DATUK Seri Anwar Ibrahim has been going on at a punishing pace in the campaign for Port Dickson.
Those watching him campaign the last one week are convinced that he has recovered from all those health problems that plagued him when he was imprisoned.
He is giving his all to the campaign and his dancing gig at a ceramah to canvass for the Indian votes has been the talk of the town – the man has got the moves.
But now that the campaign has reached the mid-point, the question is whether the Prime Minister-in-waiting can move the Malay vote.
He has won over the Indian and Chinese voters. Some local MCA leaders are even said to be supporting him.
But the last three by-elections have shown that the Malay vote is split among Umno, PAS and Pakatan Harapan and there may be a repeat in Port Dickson.
As such, the Anwar team was genuinely pleased when Tun Dr Mahathir Mohamad agreed to join the campaign on Monday.
“Sitting PMs usually do not campaign in by-elections. The fact that Mahathir wants to go down to campaign is a big gesture. It’s an acknowledgement that Anwar is important to Pakatan,” said KRA strategy director Amir Fareed Rahim.
The PKR side hopes that the Prime Minister will be able to nudge the Malay vote towards Anwar.
They also hope that Dr Mahathir will quash the perception that Tan Sri Mohd Isa Samad is the proxy candidate of Parti Pribumi.
The former Negri Sembilan mentri besar was known as a “Mahathir man” and had been staunchly behind Dr Mahathir in his persecution of Anwar in 1998.
The gossip persists even though Mohd Isa has denied any hidden hand behind his candidature.
Mohd Isa, who is a witty orator, has been telling his audiences that he will win by “one vote” because he is the only one among the seven candidates who can vote for himself.
The other candidates are not registered to vote in Port Dickson. It is his way of saying that he is the real “orang tempatan” or local born whereas the rest are outsiders.
There is a highly organised team managing Anwar’s campaign.
From the very start, one of his advisers and election expert Prof Datuk Redzuan Otman had briefed the team on an action plan to bring out voters.
Based on the last three by-elections, Redzuan had identified problems to look out for as well as a system to bring out voters on polling day.
“Winning is one thing; our focus is on voter turnout and a credible majority,” he said.
PKR has held the seat since 2008 and Redzuan estimates that a voter turnout of more than 36,000 will give Anwar a winning majority of some 20,000 votes.
A more significant signal from Dr Mahathir’s impending appearance on the campaign trial is to show that things between him and Anwar are coming along well.
Speculation of suspicions and distrust between the pair have refused to go away despite declarations of mutual support and being photographed holding hands and gazing into each others’ eyes.

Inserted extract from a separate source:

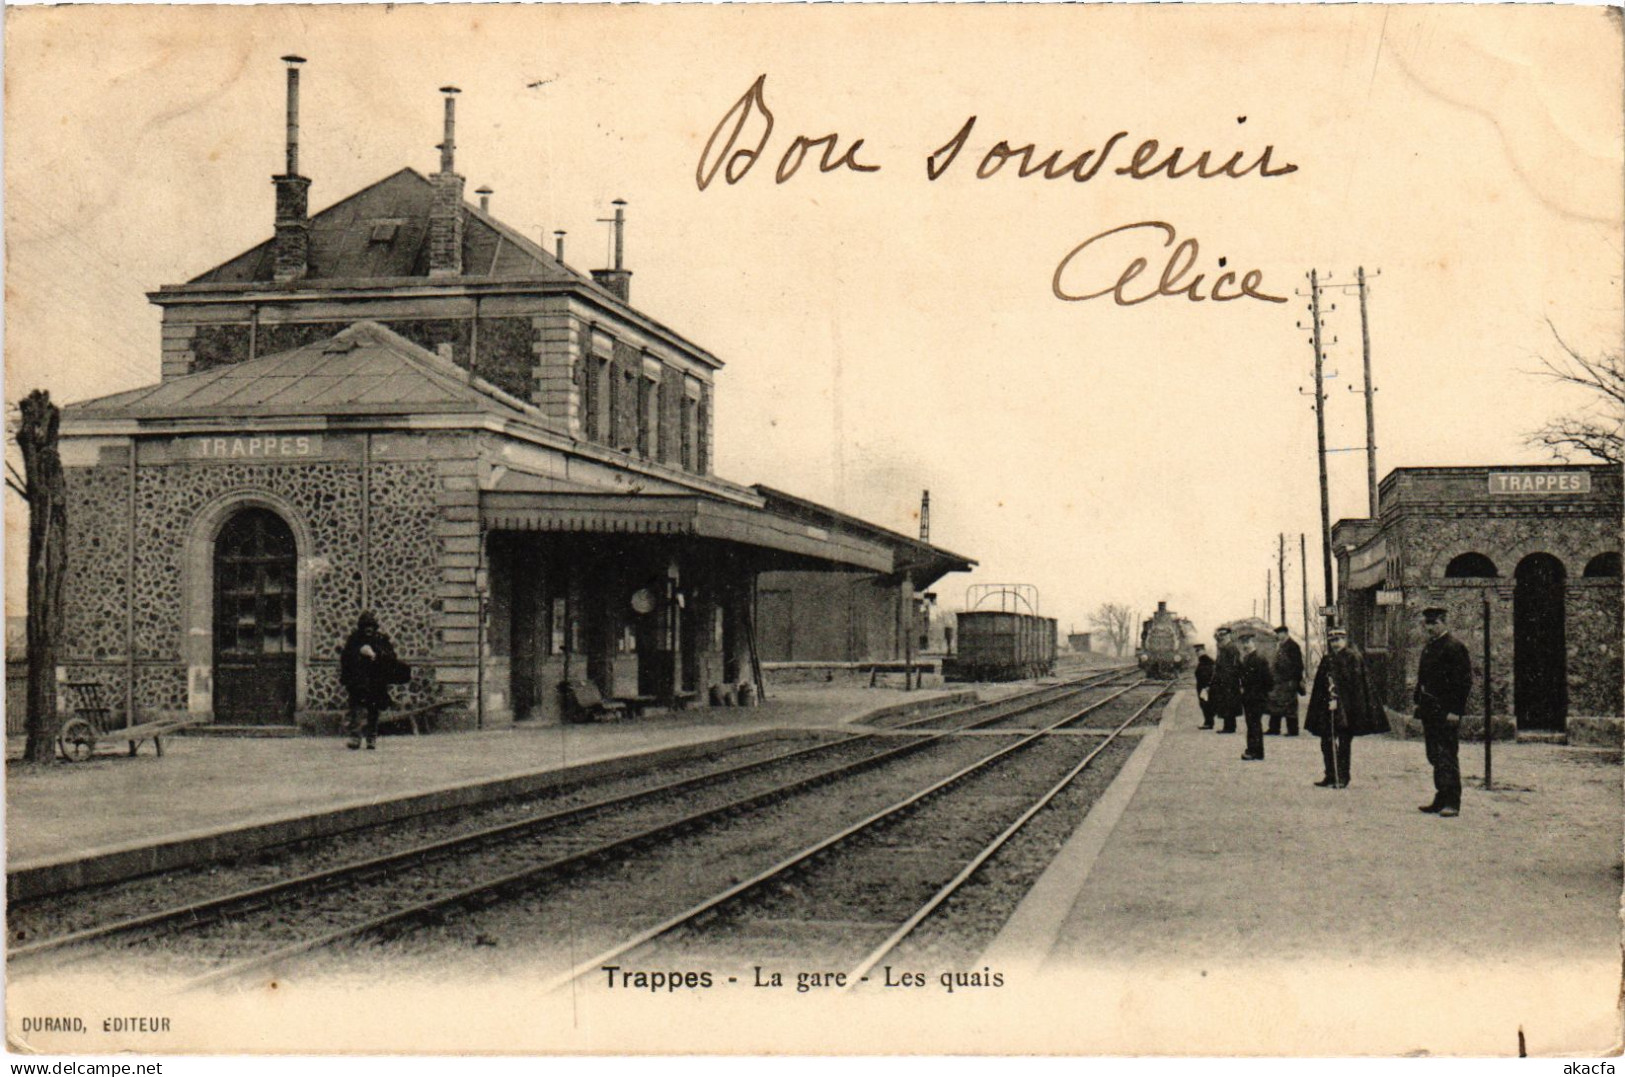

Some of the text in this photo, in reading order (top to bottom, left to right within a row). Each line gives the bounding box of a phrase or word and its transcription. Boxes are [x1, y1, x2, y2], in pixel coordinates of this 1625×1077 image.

In fact, the perception that something is cooking has intensified following the admission by Umno president Datuk Seri Dr Ahmad Zahid Hamidi that the party is a “government-in-waiting” and is willing to work with any party.
“It confirmed that there is some bargaining going on,” said a Penang lawyer.
More recently, there have been rumours of a secret “London meeting” between Dr Mahathir and a top PAS leader.
“The history between them cannot be overlooked. They are two tigers, it’s difficult for them to be on one hill. They united because of a common enemy. With Najib facing charges in court, they may need to bond over something else.
“But we have to give them credit that they are willing to work it out,” said Amir.
The above Penang lawyer pointed out that in politics, what you see is not always what you get.
He recalled the “famous embrace” of 1998, when the Dr Mahathir and Anwar wrapped their arms around each other amid swirling rumours of a political fallout.
The photograph was carried on the front pages of all the newspapers to show that all was well but a few days later, everything went boom! And Anwar was sacked from the government.
Dr Mahathir has expressed his commitment to the succession plan many times.
But saying it in Port Dickson will take it to another level of sincerity given that the by-election is the launch pad to Anwar’s premiership.
Tun Daim Zainuddin, arguably one of the most powerful figures behind Dr Mahathir, also seems to be doing his part to paint a rosy picture of the situation.
The media-shy tycoon turned up at the seaside town to speak at a ceramah alongside Anwar yesterday.
Anwar on his part is believed to have advised his firebrand vice-president Rafizi Ramli, who has been critical of the two Tuns, to stay away from the limelight in Port Dickson.
Will all these gestures of goodwill in Port Dickson put an end to conspiracy theories of a rift between the Prime Minister and his successor?
“I don’t think so. Everyone will be speculating right to the day Mahathir steps down and Anwar takes the oath of office,” said Amir.
However, said Amir, Mahathir going to PD makes for great optics. “Every little thing helps,” he said.